Individually we stand, individually I fall.

Following Norbert Elias’ book title ‘The society of individuals’ – society consists of two forces locked in a battle of freedom and domination – society shaping the individuality of its members, and the individuals forming society out of their actions while pursuing strategies plausible and feasible within the socially woven web of their dependencies.

However, it is important to note that the process of individualisation is different today from modern times.

In modern times class divisions arose out of different access to the resources required to self-assert – The working classes lacked the means to do so and turned to collectivism to assert themselves, while the middle classes were able to be more individualistic – yet they generally responded to being disembedded through attempts to re-embed.

However, individualisation today is a fate and not a choice. In the land of individual freedom of choice the option to escape individualisation and not participate are not on the agenda. We are told that if we fail it is our fault, and we must find biographical solutions to problems which are socially created.

There is a difference between the self-asserting and self-sustaining individual and the individualised individual.

Can there be politics in the individualised society?

The Self-Assertive ability of men falls short of what genuine self-assertion would require – the choices we are free to make are generally trivial.

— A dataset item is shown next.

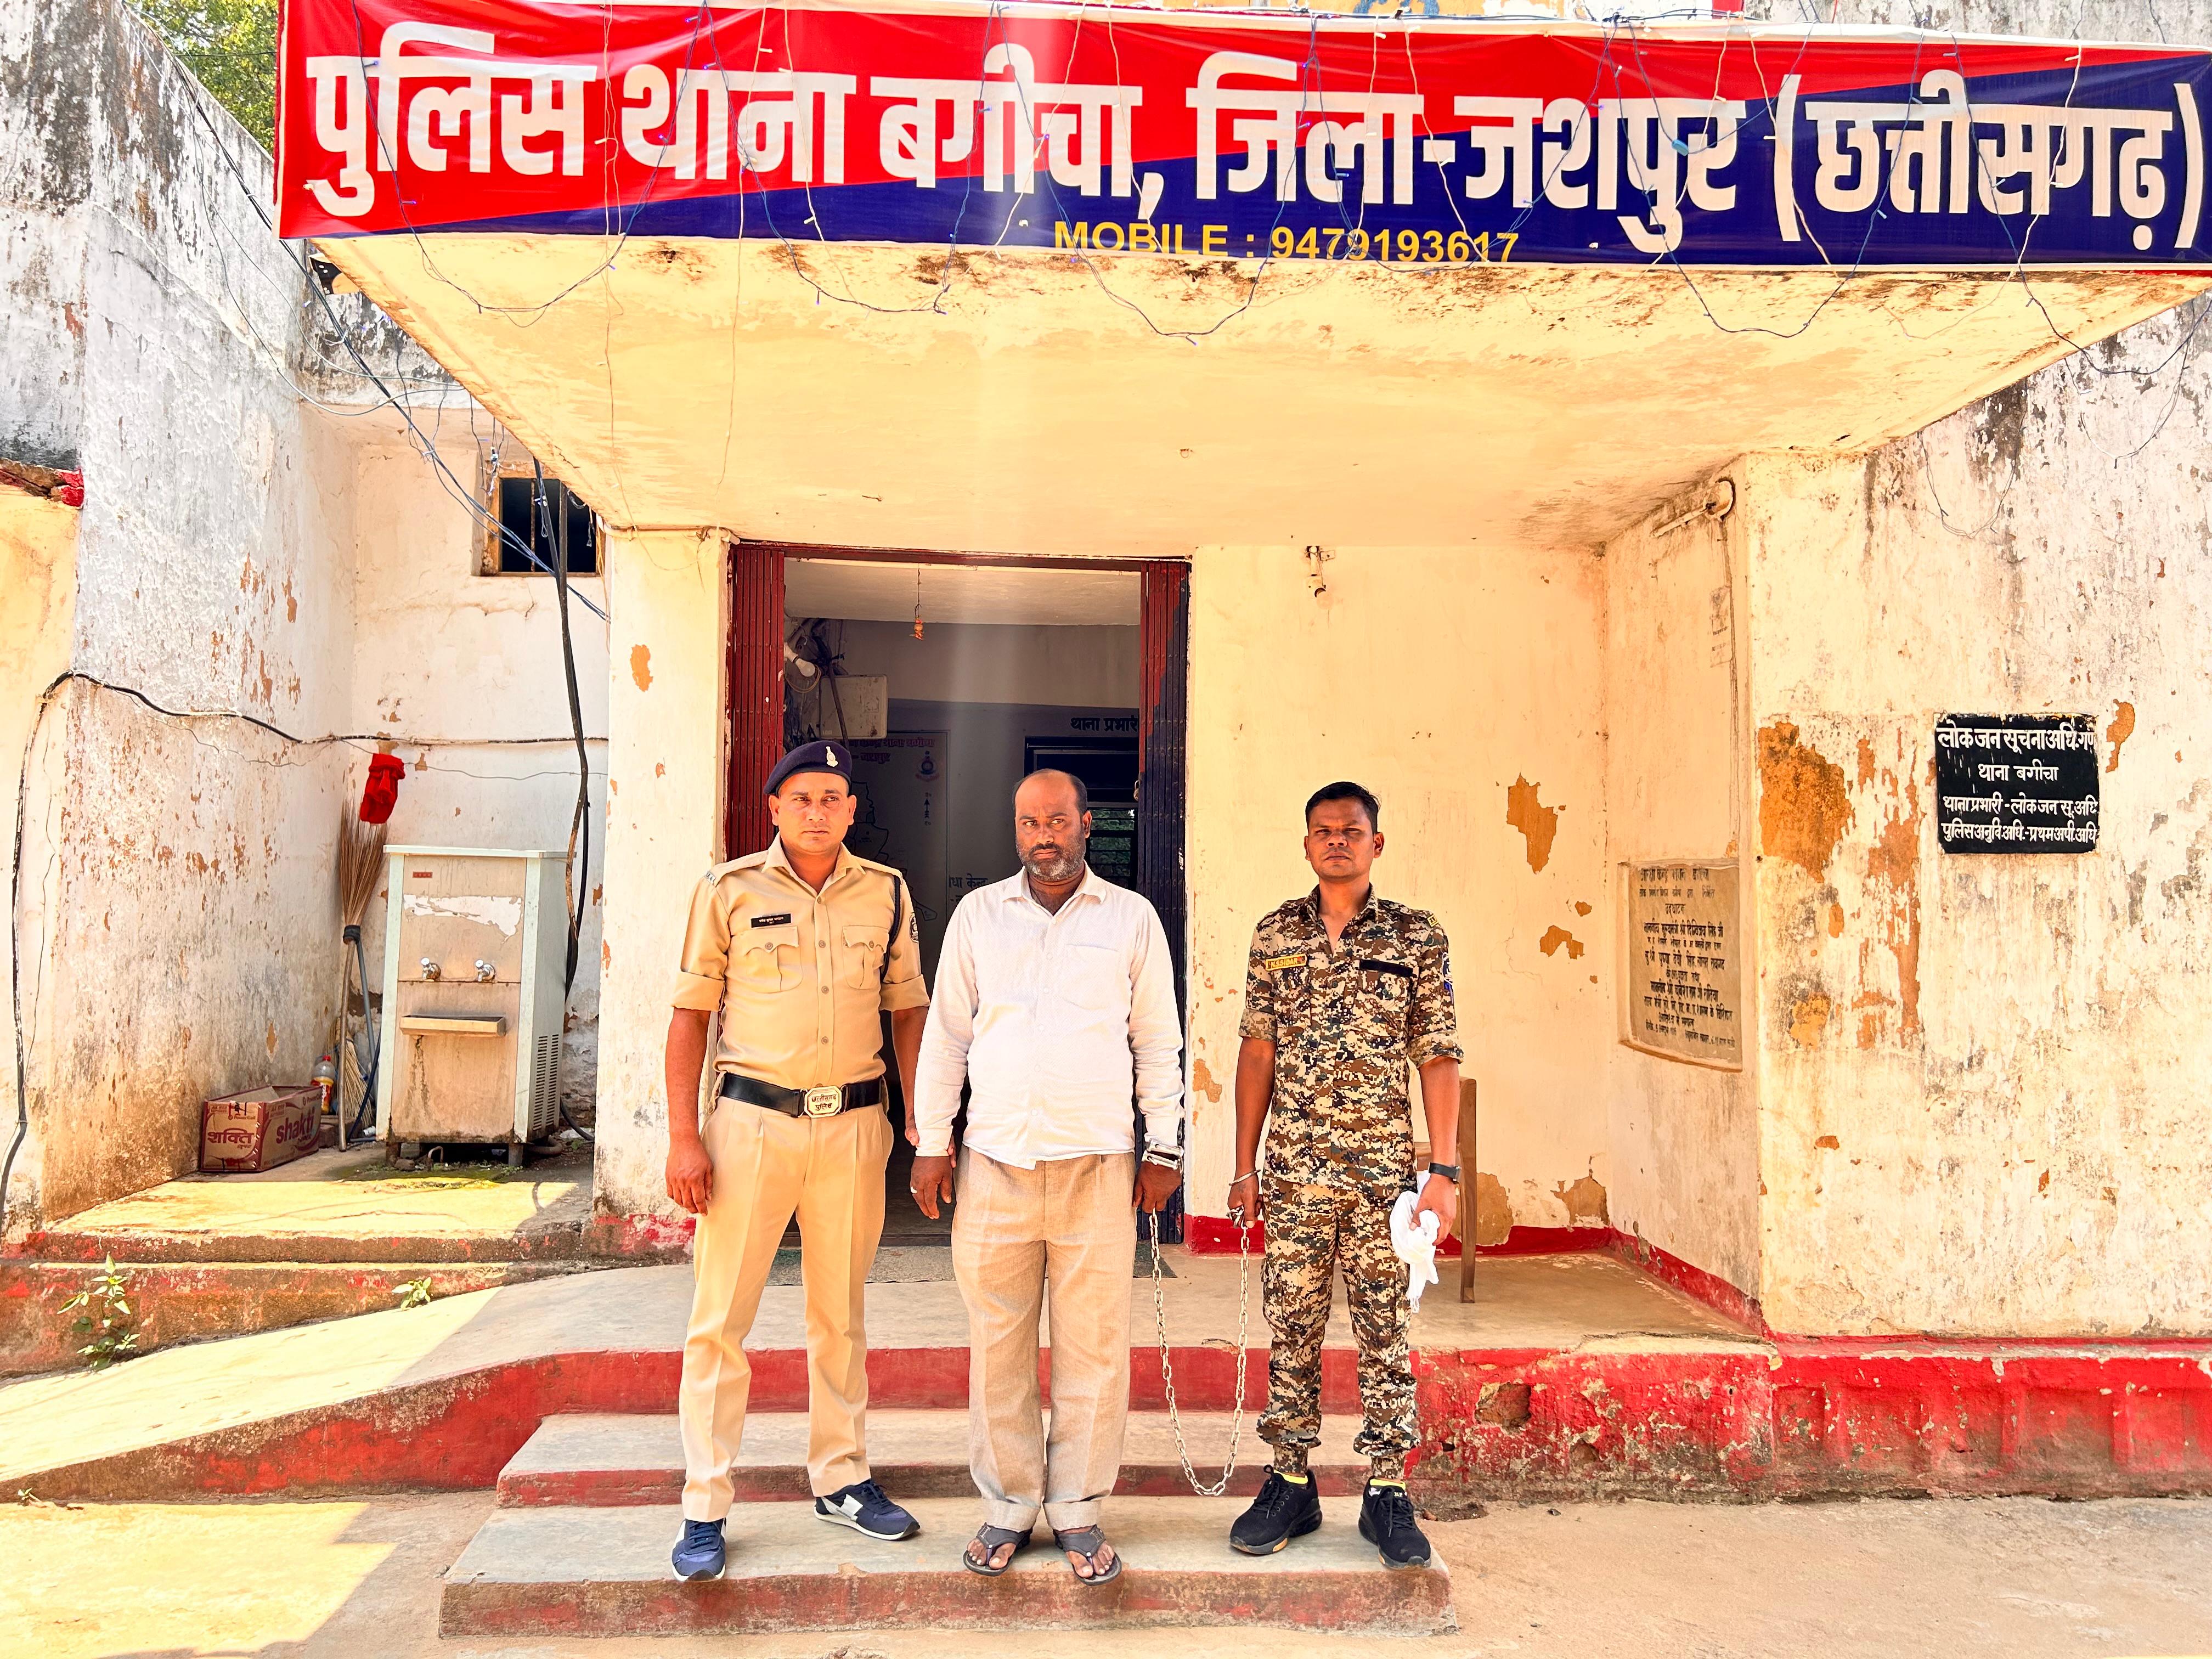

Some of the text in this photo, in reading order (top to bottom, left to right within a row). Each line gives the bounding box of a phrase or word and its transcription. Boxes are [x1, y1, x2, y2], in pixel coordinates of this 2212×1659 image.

There are two consequences of individualisation for politics – Individuals by decree do not seek to solve their problems collectively, they just look to others for advice about how to cope with their problems (e.g. chat shows), and they tend to to view committing to acting with others as too limiting on their own freedom. Individuals by decree do not see engaging in public life as a duty, they tend to see it as an investment and only do so when they can get something back, and as a result the only thing individuals by decree tend to ask of society is minimal – to protect their bodies from danger and to protect their property rights.

Hence why networks are the new norm in the postmodern society – which consist of shallow connections (weak ties) as they are easy to access and easy to leave. As a result, in the individualised society the individual is not really a citizen because they have invested so little of themselves in that society.

Togetherness, individual style

The gap between the right of self assertion and the ability to influence the social settings which render such self-assertion feasible or unrealistic seems to be the biggest contradiction of second modernity, and we would do well to tackle this collectively.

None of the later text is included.